-------- Input data --------
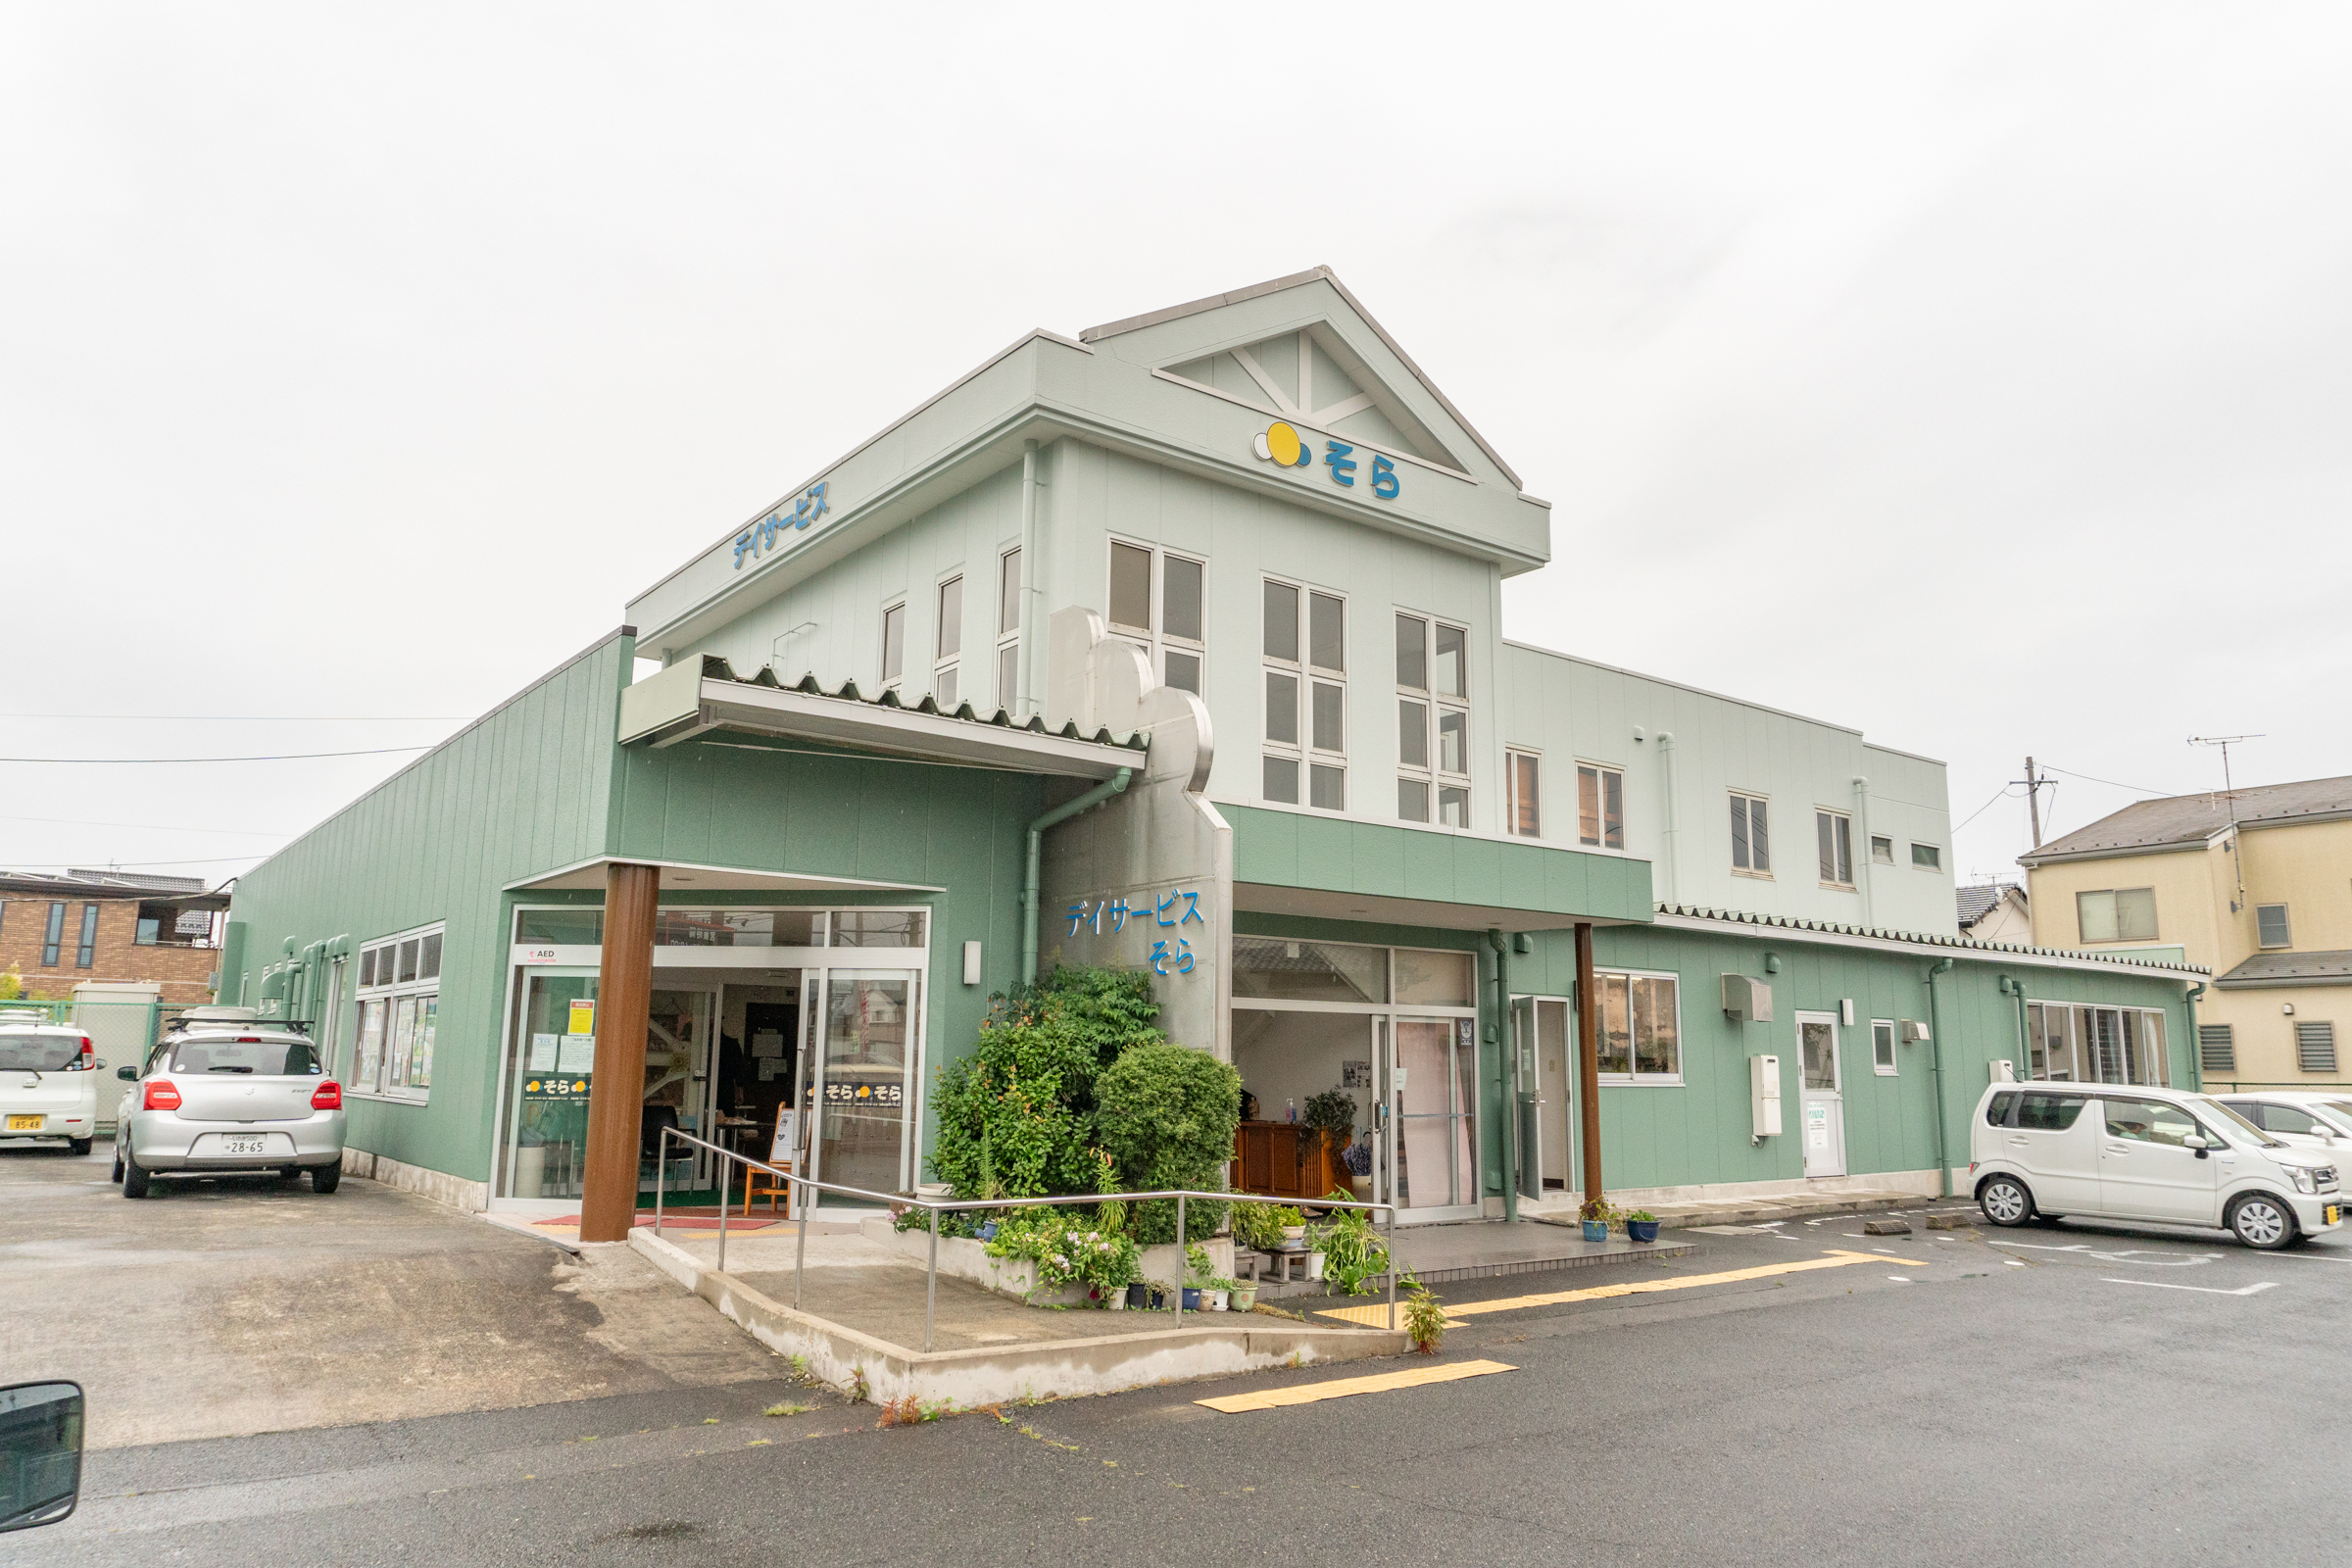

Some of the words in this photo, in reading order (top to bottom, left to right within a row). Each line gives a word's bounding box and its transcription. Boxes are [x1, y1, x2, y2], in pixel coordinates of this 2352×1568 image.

[1324, 439, 1401, 500] そら
[733, 481, 831, 569] デイサービス
[1065, 889, 1204, 937] デイサービス
[1149, 938, 1197, 975] そら
[544, 1080, 569, 1095] そら
[826, 1084, 853, 1100] そら
[874, 1085, 902, 1101] そら
[15, 1120, 40, 1129] 85-48
[231, 1142, 264, 1152] 28-65
--------
= Goal of the exercise =
Write out the records once more, word for word, though without the pictures they contain.

= Exercise answer =
Some of the words in this photo, in reading order (top to bottom, left to right within a row). Each line gives a word's bounding box and its transcription. Boxes are [x1, y1, x2, y2], in pixel coordinates of this 2352×1568 image.

[1324, 439, 1401, 500] そら
[733, 481, 831, 569] デイサービス
[1065, 889, 1204, 937] デイサービス
[1149, 938, 1197, 975] そら
[544, 1080, 569, 1095] そら
[826, 1084, 853, 1100] そら
[874, 1085, 902, 1101] そら
[15, 1120, 40, 1129] 85-48
[231, 1142, 264, 1152] 28-65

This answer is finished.